Tell People What You Need
Feb 05, 2022Stand up (slowly) and speak up (gently), or shut up.
Leadership requires us to cooperate with others and this is, obviously, a two-way street. You must give in order to get. This is true in building Technical CONOPS and in every other endeavor that involves working closely with people.
And when you move from being a manager who gets people to cooperate, to becoming a leader who collaborates, you must watch for trends and actions that adversely impact that collaboration: You may find that people are frustrating you. Disappointing you.
If this has been going on for a long time and in all walks of your life: family, job, hobbies, neighborhood or church, you need to act on it. You will need to ask for help.
Do you wish people would respect you more? Understand you better?
Do you need more time to yourself? Or maybe you need less time to yourself because you are lonely.
Do you need more attention from a friend or lover, because you feel isolated or shut out? Or do you need less attention from them because you feel smothered?
Do you want more guidance and coaching from a boss? Or do you want less help and more autonomy in doing your job?
Do you wish you had a magic way to make people “get it”, to cause people to do what you need them to do? Then here is the magic trick. Lean in closely. Here is the secret: JUST SAY IT.
It is often that easy to get others to do what you want. Just tell them. No beating around the bush, no mincing words. Just smile, be reasonably diplomatic if you can, and tell them what you need and why.
The important thing is to speak up, even if you do not say it exactly right. Trust me - - - you’ll get better at it the more you practice. But why does this openness actually work?
Because most people want to be helpful. They like to please others. Good Samaritans abound. Most likely, your friends and relatives and business associates are polite to other people.
They probably would not mind being nicer to you. But all too often they do not know what to do. There are no mind-readers in the real world. You must tell them.
Start the conversation any way you like.
- I have a tiny favor to ask…
- Could ask you to do something for me…
- I have an odd request…
To correct someone else’s behavior toward you, use the magic phrase: When you [do something], I feel [a certain way]. Here are two common examples:
- When you finish my sentences for me, I feel you are impatient with me. But I need the time to think when I am discussing things with people. Please be patient. You just think faster than I do. (I have used this one several times.)
- When you change the subject immediately after I say something, I feel you are not really listening. I feel you are just using the time while I am talking to assemble your next statement. Please at least acknowledge what I have just said so I know you heard me. Just saying "right" or got it" or "noted" or "I understand" will do it.

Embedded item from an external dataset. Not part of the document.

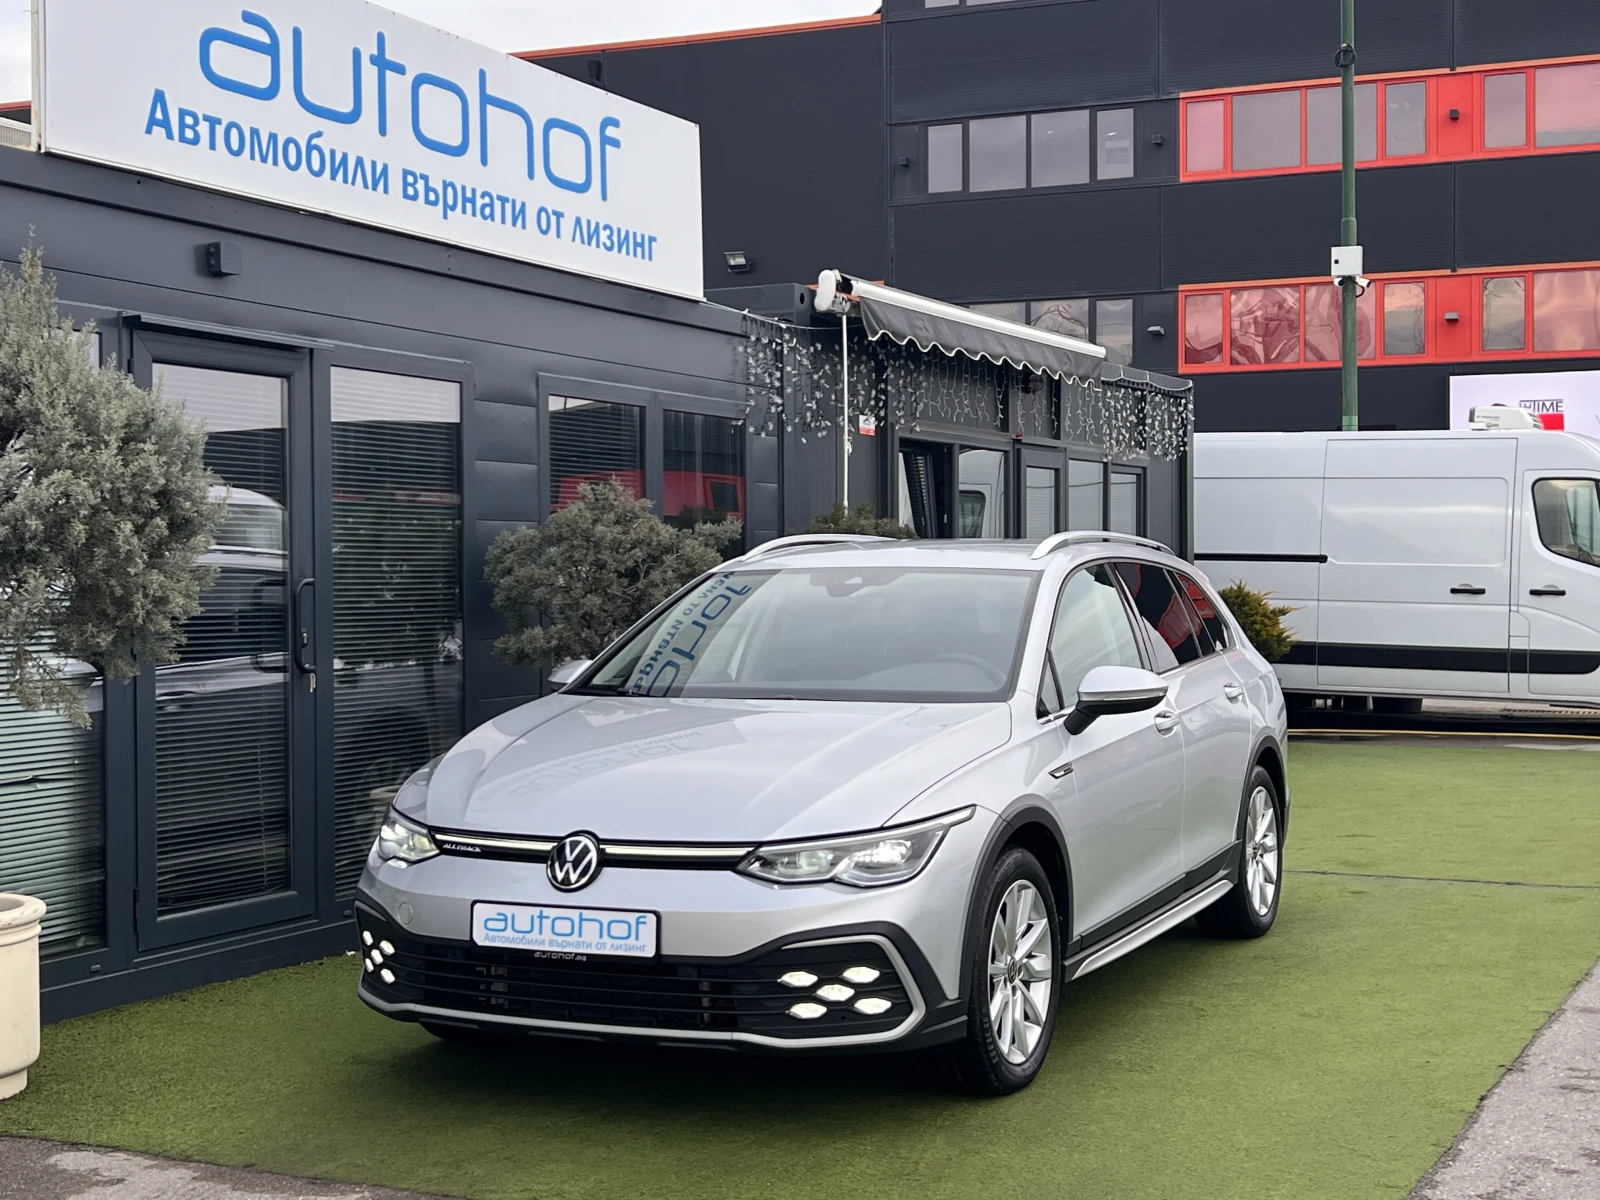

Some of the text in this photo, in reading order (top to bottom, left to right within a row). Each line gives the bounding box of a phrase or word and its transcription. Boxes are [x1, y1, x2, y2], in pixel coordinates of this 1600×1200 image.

[198, 9, 621, 202] autohof
[144, 87, 657, 261] Автомобили върнати от лизинг
[483, 910, 648, 941] autohof
[484, 932, 648, 954] Автомобили върнати от лизинг

If people keep ignoring you or interrupting you or . . . doing whatever to annoy you, you must ask yourself if you are helping cause the problem.

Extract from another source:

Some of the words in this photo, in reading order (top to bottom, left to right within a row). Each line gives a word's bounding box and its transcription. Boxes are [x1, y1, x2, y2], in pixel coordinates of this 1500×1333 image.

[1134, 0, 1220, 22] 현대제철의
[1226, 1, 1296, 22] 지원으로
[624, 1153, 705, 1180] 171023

And if you have never told them how you feel or how you would like them to change their behavior (moved beyond your public positions on things, to your interests), you should not be at all surprised when they disappoint you. Doing the same thing over and over again but expecting a different result is one clinical definition of insanity.
So tell the people with whom you regularly interact (bosses, family members, friends, and others) exactly what you need them to do (or not do) to make your project/day/life go smoother with less drama and less frustration. Share your interests, not just your positions. Otherwise do not complain about how you are being treated.
And in the business world, keep a written record of your discussions with bosses, especially when you ask for support (in order to make something happen. Otherwise, I have found that bosses sometimes get selective memory loss as to what they agreed to do/provide/change for me and my team.
Stand up (slowly) and speak up (gently), or shut up.